To make this happen despite the present concentrated wealth and power of major corporations in and beyond Big Carbon -- for example, Big Banking and Big Media -- will take a major involvement of the U.S. public in numbers and intensity at least equal to that of the "civil rights" movement, especially 1960-1968.

Those numbers and intensity brought about both a cultural shift that defined racism as an abomination, and a political shift that outlawed segregation and greatly increased the political power of the black community.

The religious communities were then a major component of the movement to challenge racism, and now need to be a major component of the climate-healing movement, including both cultural and spiritual redefinitions that in our generation need to make contempt toward and exploitation of the Earth felt as a moral abomination, and the use of active sit-downs, pray-ins, mass mobilizations, lobbying and electoral action to achieve legal and political change.

Awakening and involving religious communities requires both drawing on their -- our -- existing teachings, symbols and practices that evoke concern for the Earth, and weaving new Earth-centered threads into the fabric of religious life.

The seeds -- but ONLY the seeds -- have been sown of this new direction for churches, synagogues, mosques and temples, in such forms as:
  • The Shalom Center's and IMAC's creation of pre-Passover/Holy Week religious services focused on the climate crisis, combined with vigils, rallies and civil disobedience;
  • Beginning in the Jewish-renewal community, imagining an "eco-kosher" life practice applied not only to food but to all consumables;
  • Interfaith Power and Light's encouragement of annual sermons on climate questions, centered on Valentine's Day.

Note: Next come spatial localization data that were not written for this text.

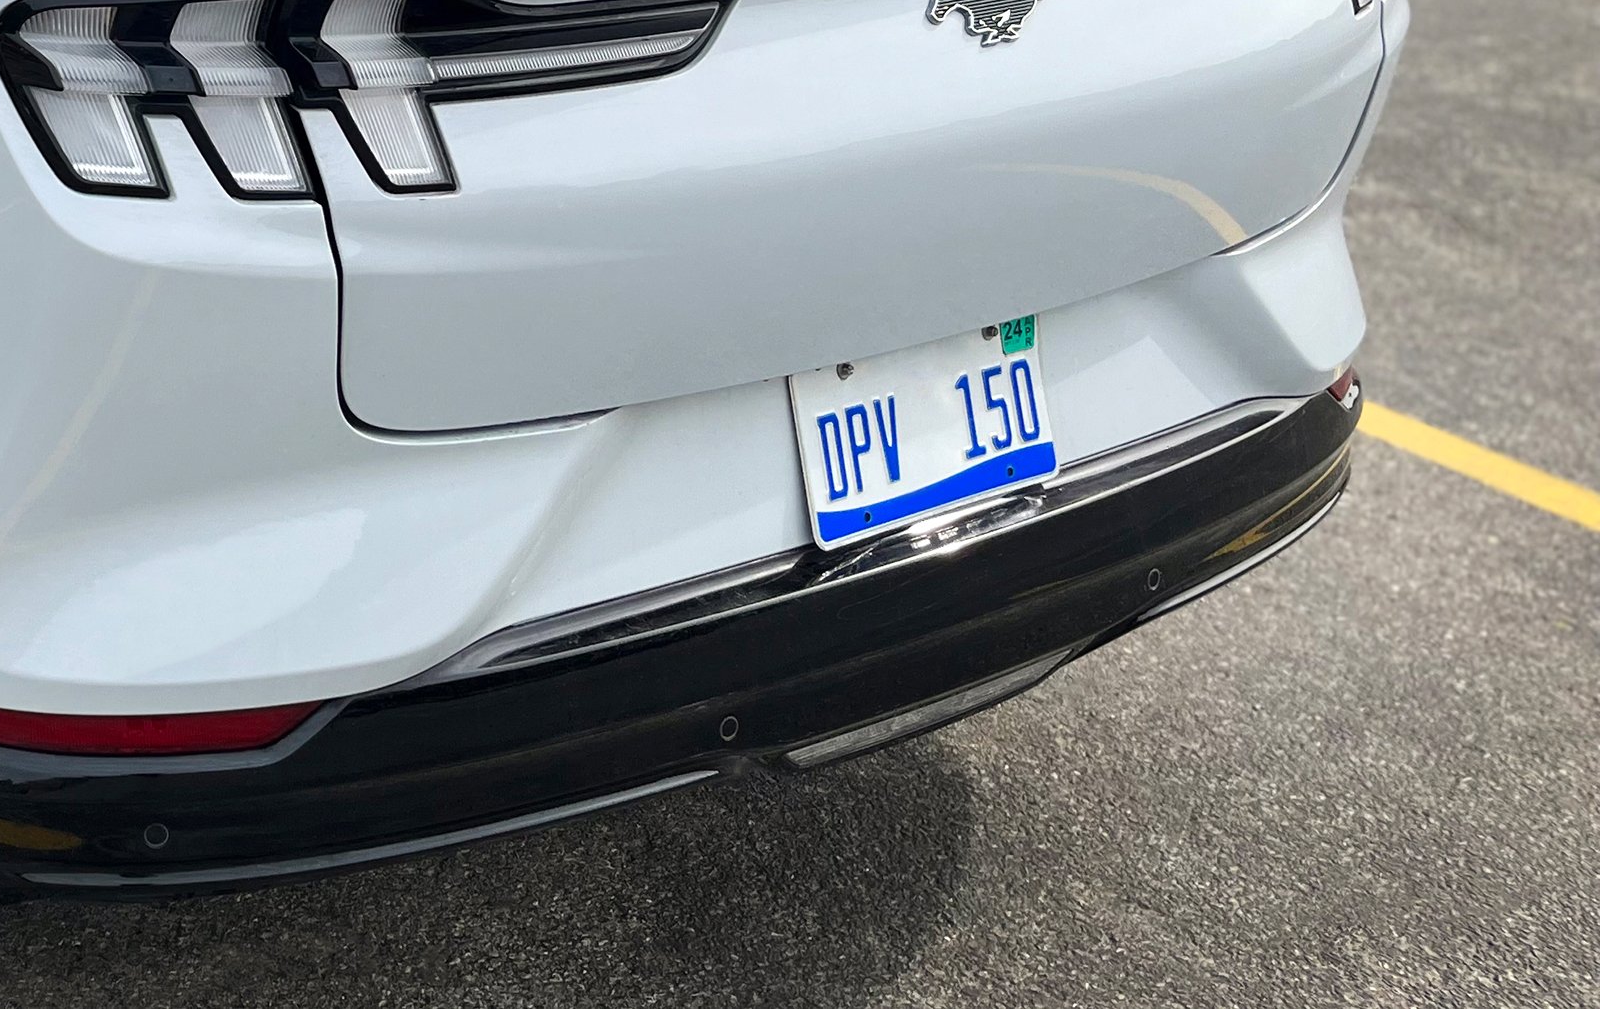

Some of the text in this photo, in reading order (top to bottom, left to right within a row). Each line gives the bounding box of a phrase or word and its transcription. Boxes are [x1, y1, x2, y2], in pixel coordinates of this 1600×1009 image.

[1002, 318, 1023, 341] 24
[816, 358, 1041, 502] DPV 150
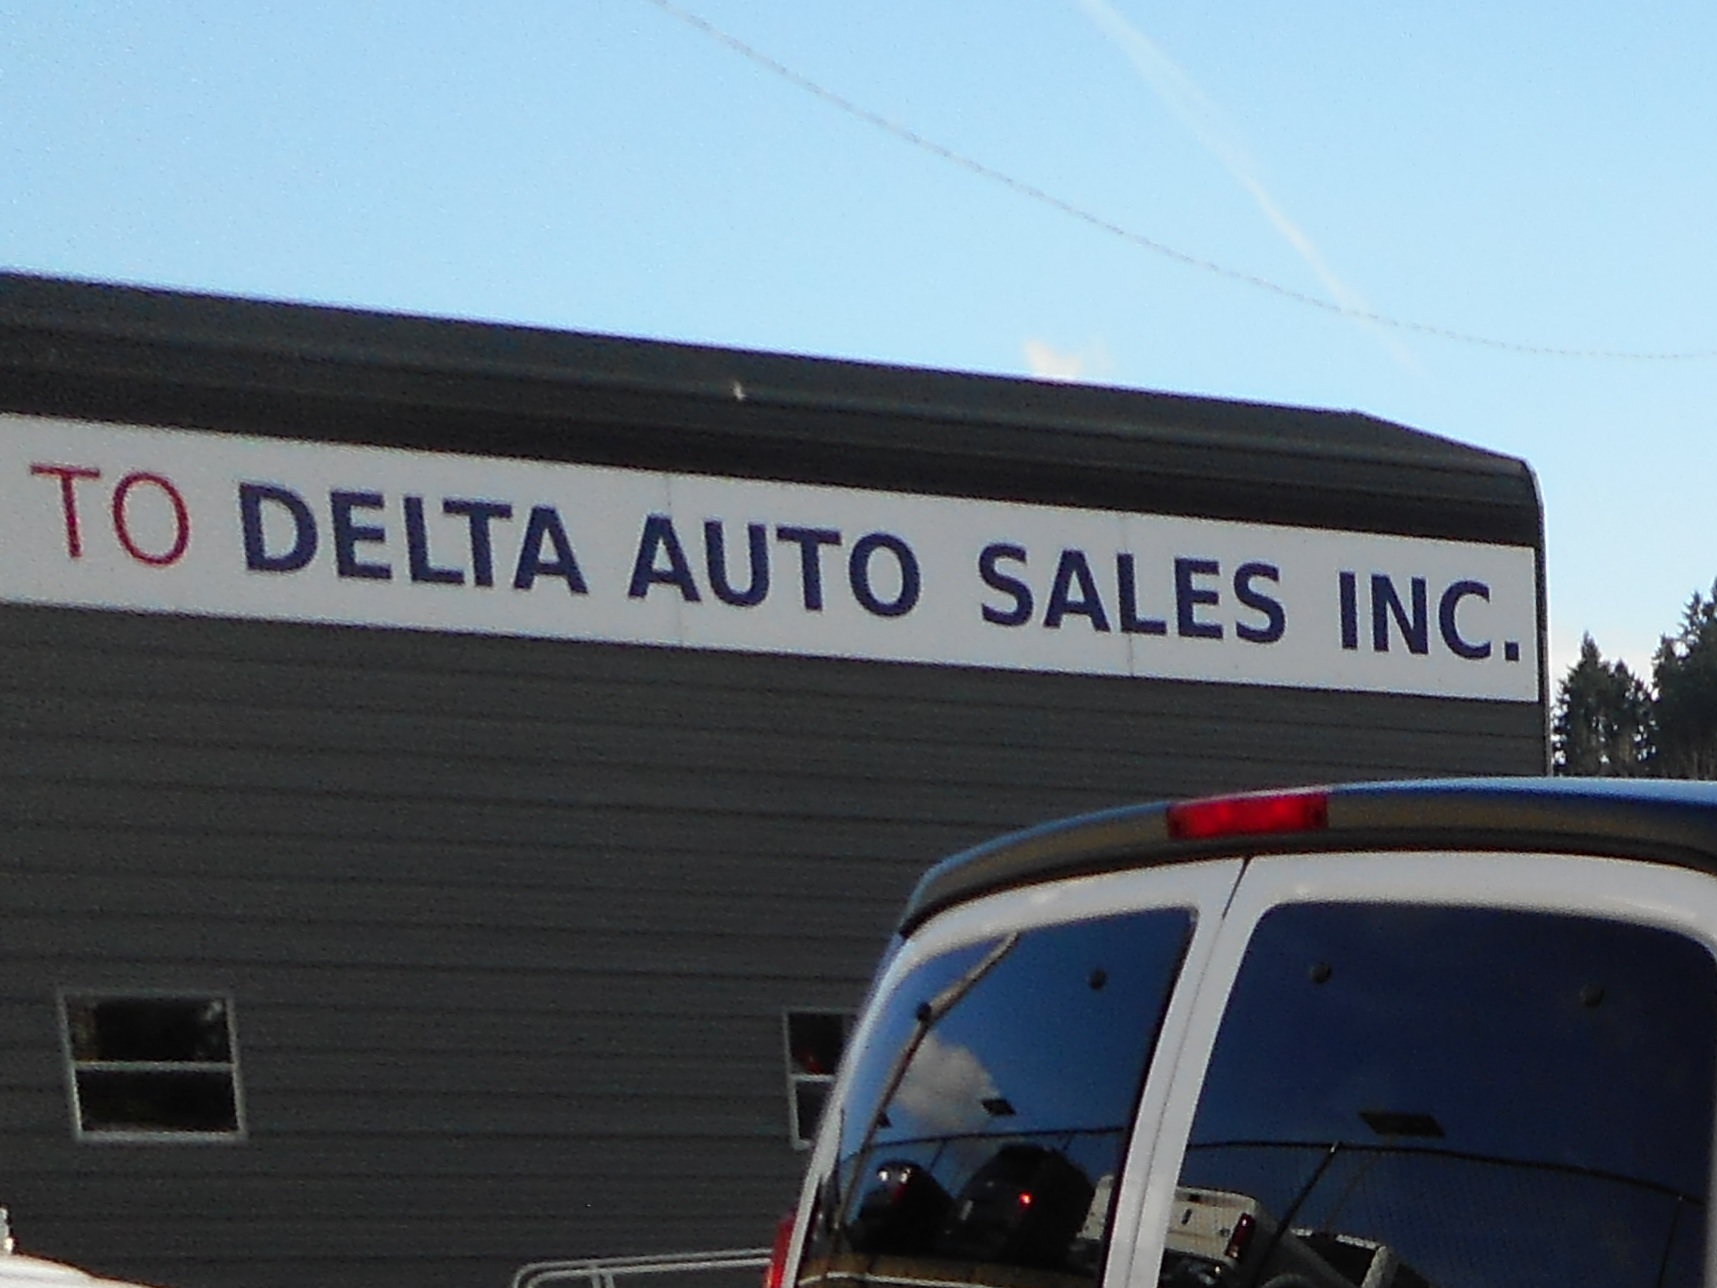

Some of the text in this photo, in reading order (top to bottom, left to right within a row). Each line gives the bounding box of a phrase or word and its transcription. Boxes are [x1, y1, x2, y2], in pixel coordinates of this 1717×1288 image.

[30, 462, 1521, 662] TO DELTA AUTO SALES INC.
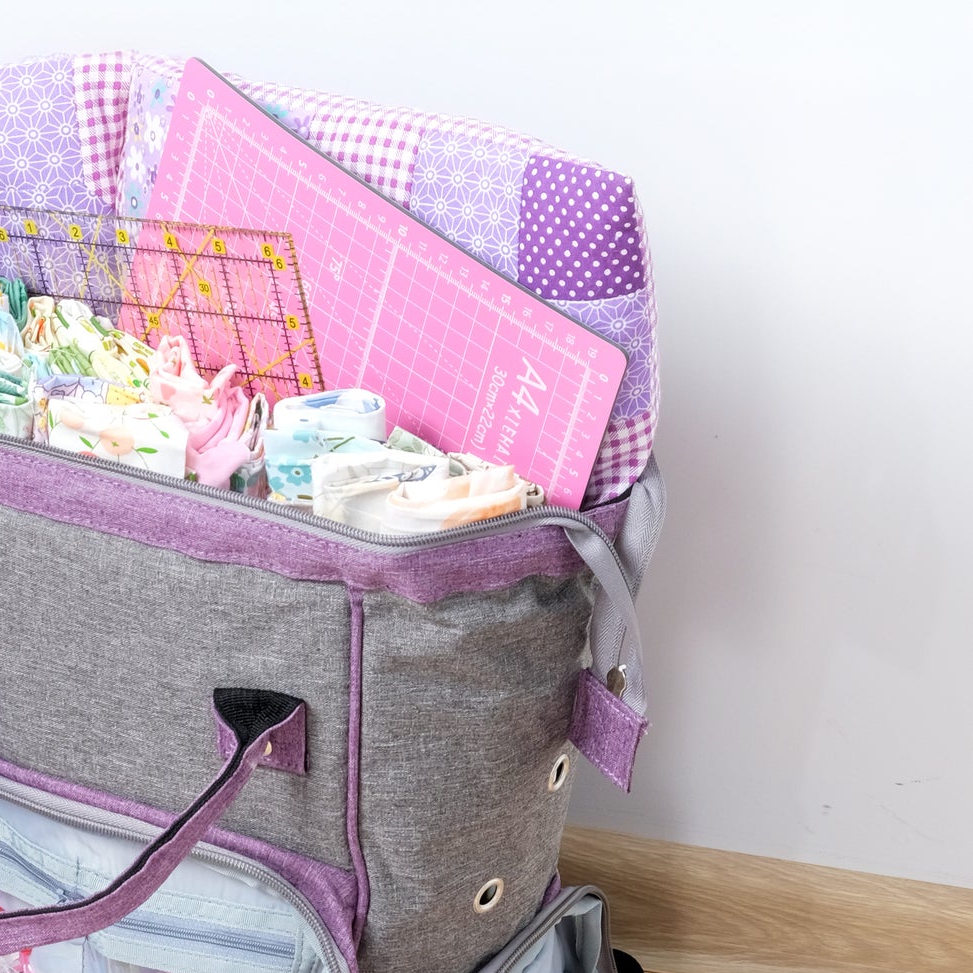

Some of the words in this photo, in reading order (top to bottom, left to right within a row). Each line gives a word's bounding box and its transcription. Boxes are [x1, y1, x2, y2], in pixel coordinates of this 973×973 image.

[298, 160, 307, 169] 5
[358, 201, 367, 210] 8
[397, 224, 409, 237] 10
[418, 241, 428, 251] 11
[438, 253, 449, 265] 12
[459, 266, 470, 279] 13
[480, 280, 490, 291] 14
[501, 293, 512, 306] 15
[522, 307, 533, 318] 16
[544, 320, 555, 332] 17
[566, 333, 576, 345] 18
[587, 347, 598, 359] 19
[329, 257, 344, 282] 75°
[149, 316, 159, 326] 45
[516, 356, 547, 417] A4

Such moments and practices need to be enriched and multiplied. In particular, the highest religious intensities and the largest numbers of people religiously involved tend to cluster in the major seasons of fast and festival: Lent, Ramadan and Eid el-Fitr, the High Holy Days, Christmas, Hanukkah, Eid al-Idha, Holy Week, Passover AND in the strongest moments of sacred intergenerational connection -- confirmations, bar/bat mitzvah, etc.

Refocusing some of these festivals, life-cycle events and daily/weekly rhythms of prayer and celebration may help change the cultural assumptions that support grabbiness, greed, and destructive domination of the Earth.

For example: At the Interfaith Summit on the Climate Crisis called by the Church of Sweden in 2008 and held at the Cathedral of Uppsala, a large green-moss Globe became the central transreligious sacred symbol of the gathering. In several national pray-ins held by Interfaith Moral Action on Climate during the past year and in some regional prayer services for the Earth, a Globe has been shared from hand to hand, while the gathering sang "We Have the Whole World in Our Hands."

In regard to public activist advocacy, the Passover/Holy Week season may be most appropriate for public action to focus attention on the powerful institutions committed to fossil fuels vs. the possibility of a healing and healed community.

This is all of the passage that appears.